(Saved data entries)
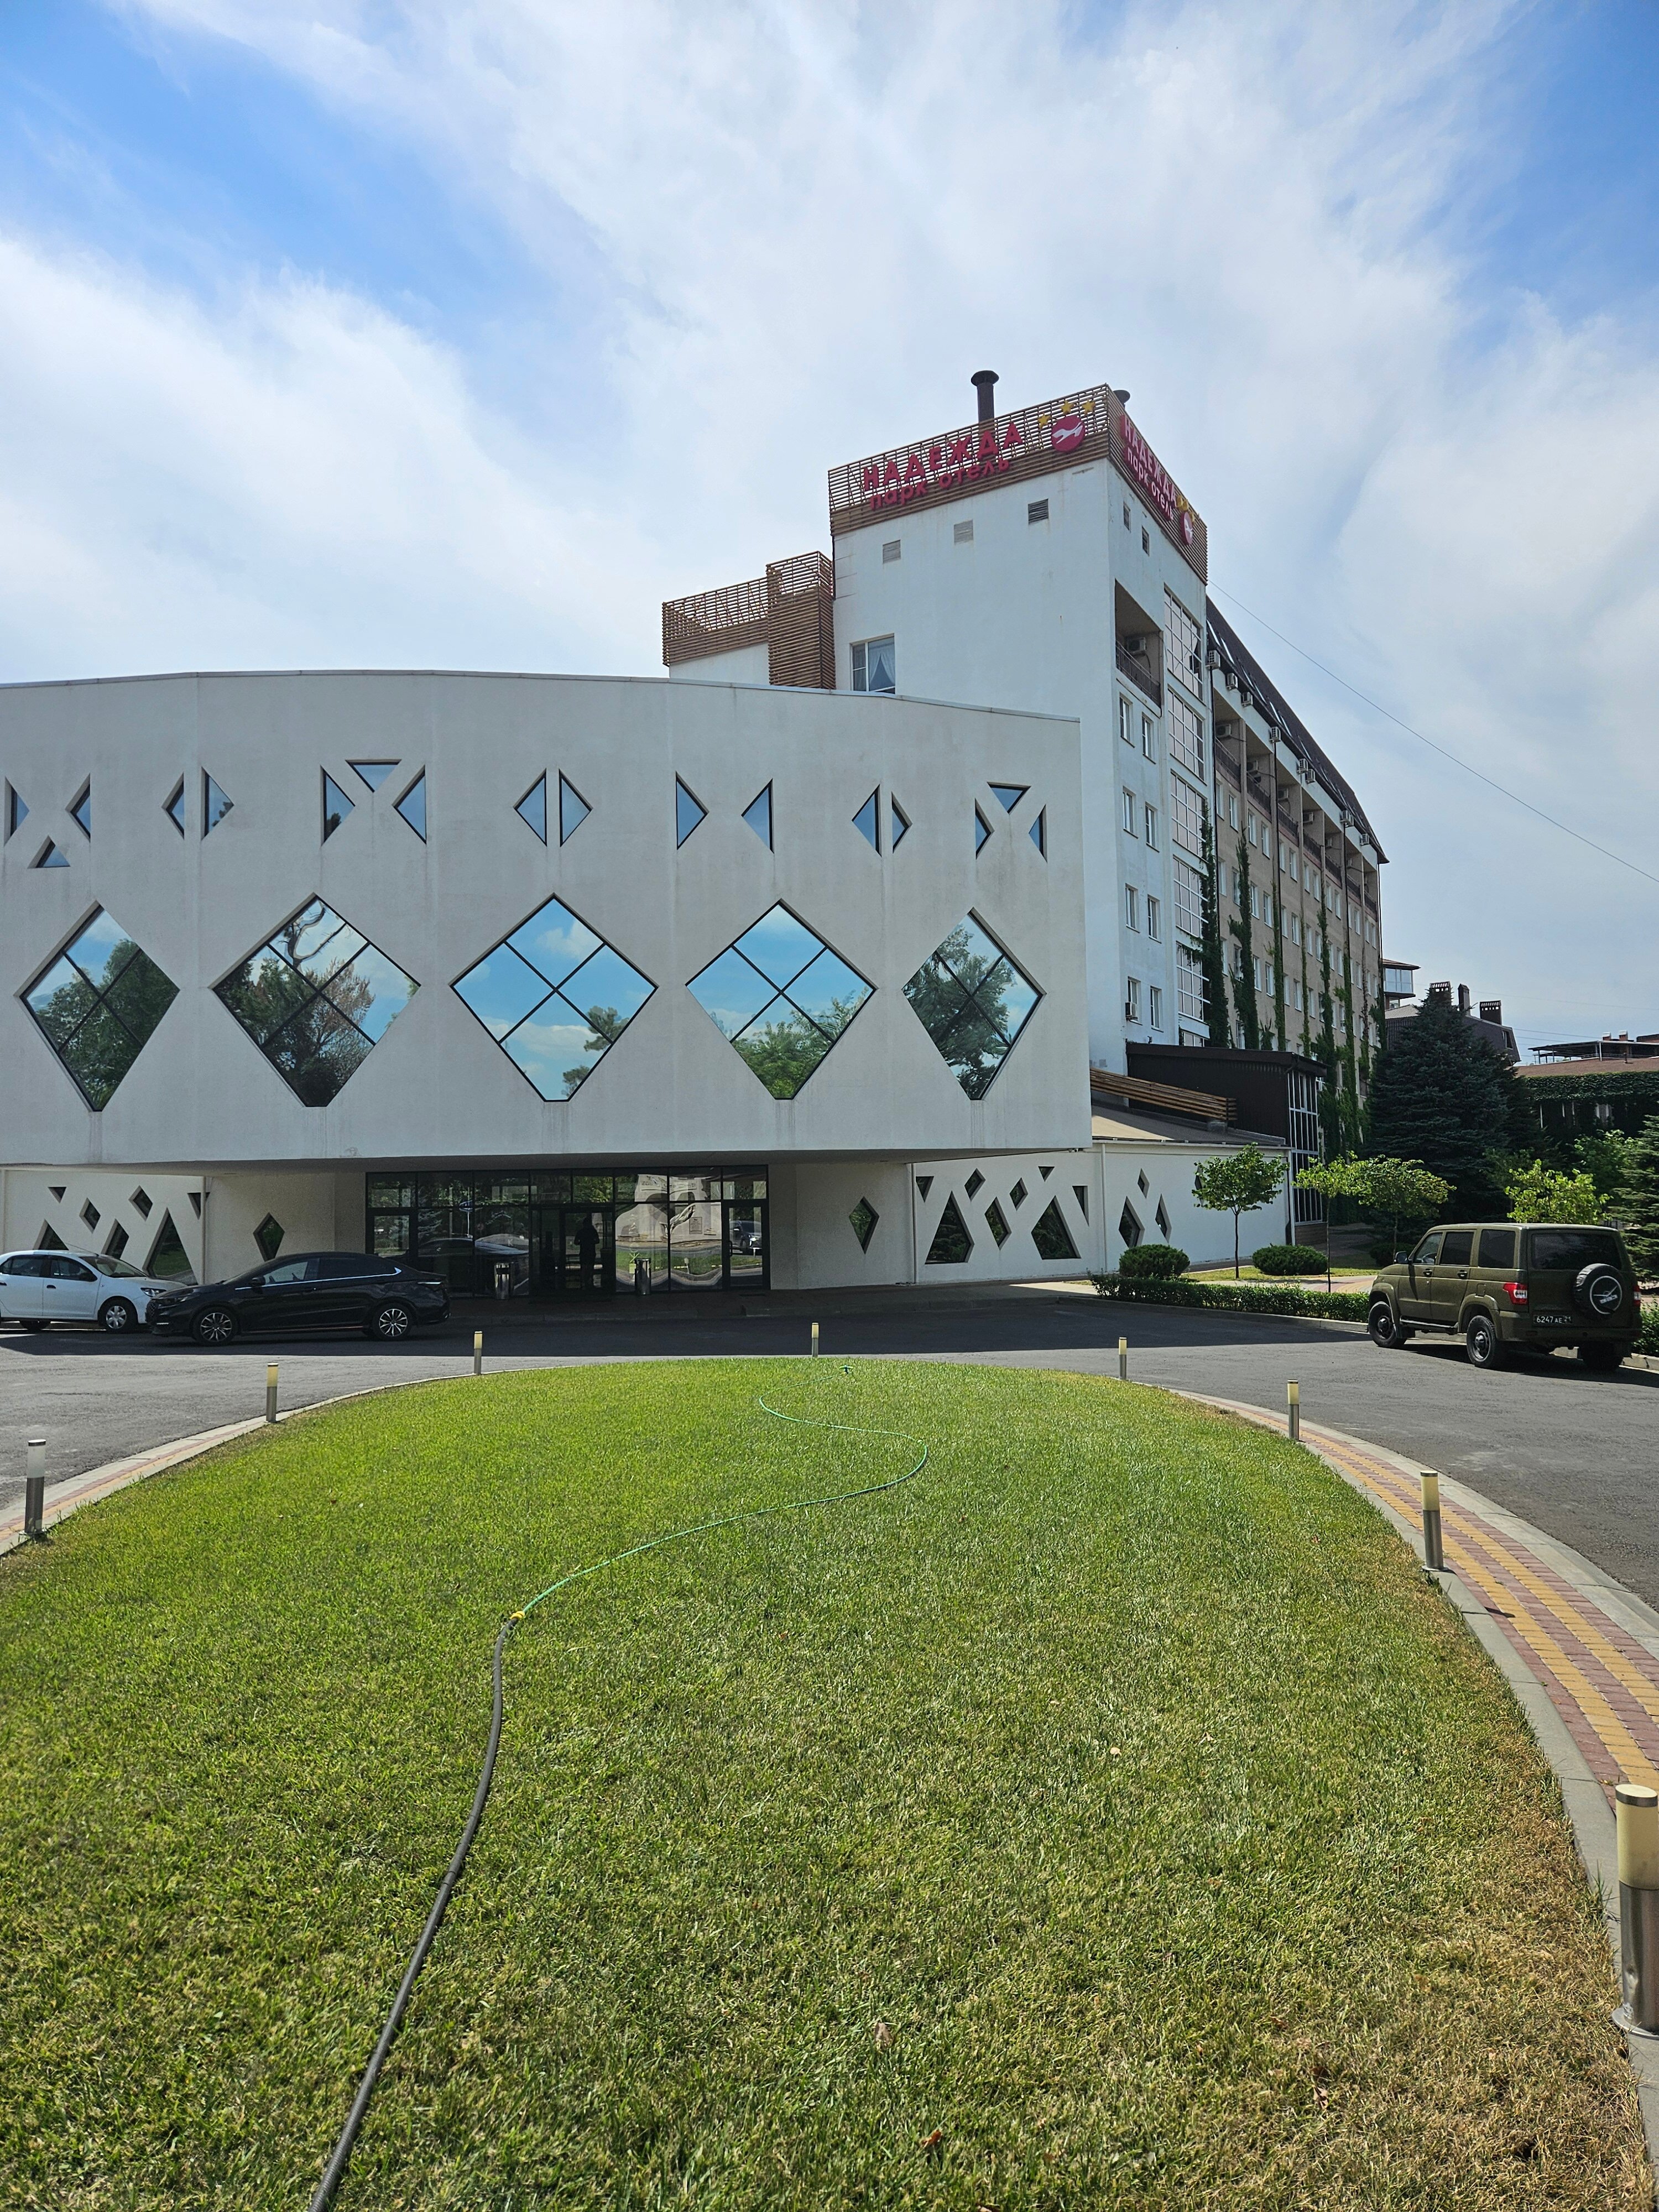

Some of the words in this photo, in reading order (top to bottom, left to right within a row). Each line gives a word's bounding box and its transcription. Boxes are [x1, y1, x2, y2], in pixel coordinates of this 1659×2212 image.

[863, 421, 1024, 492] НАДЕЖДА
[870, 481, 927, 510] парк
[939, 457, 1010, 489] отель
[1124, 415, 1177, 508] НАДЕЖДА
[1128, 446, 1149, 487] парк
[1151, 481, 1173, 520] отель

--- THE TASK ---
Your answer must be a verbatim copy of the entries above, with no images included.

--- RESPONSE TO THIS EXERCISE ---
Some of the words in this photo, in reading order (top to bottom, left to right within a row). Each line gives a word's bounding box and its transcription. Boxes are [x1, y1, x2, y2], in pixel coordinates of this 1659×2212 image.

[863, 421, 1024, 492] НАДЕЖДА
[870, 481, 927, 510] парк
[939, 457, 1010, 489] отель
[1124, 415, 1177, 508] НАДЕЖДА
[1128, 446, 1149, 487] парк
[1151, 481, 1173, 520] отель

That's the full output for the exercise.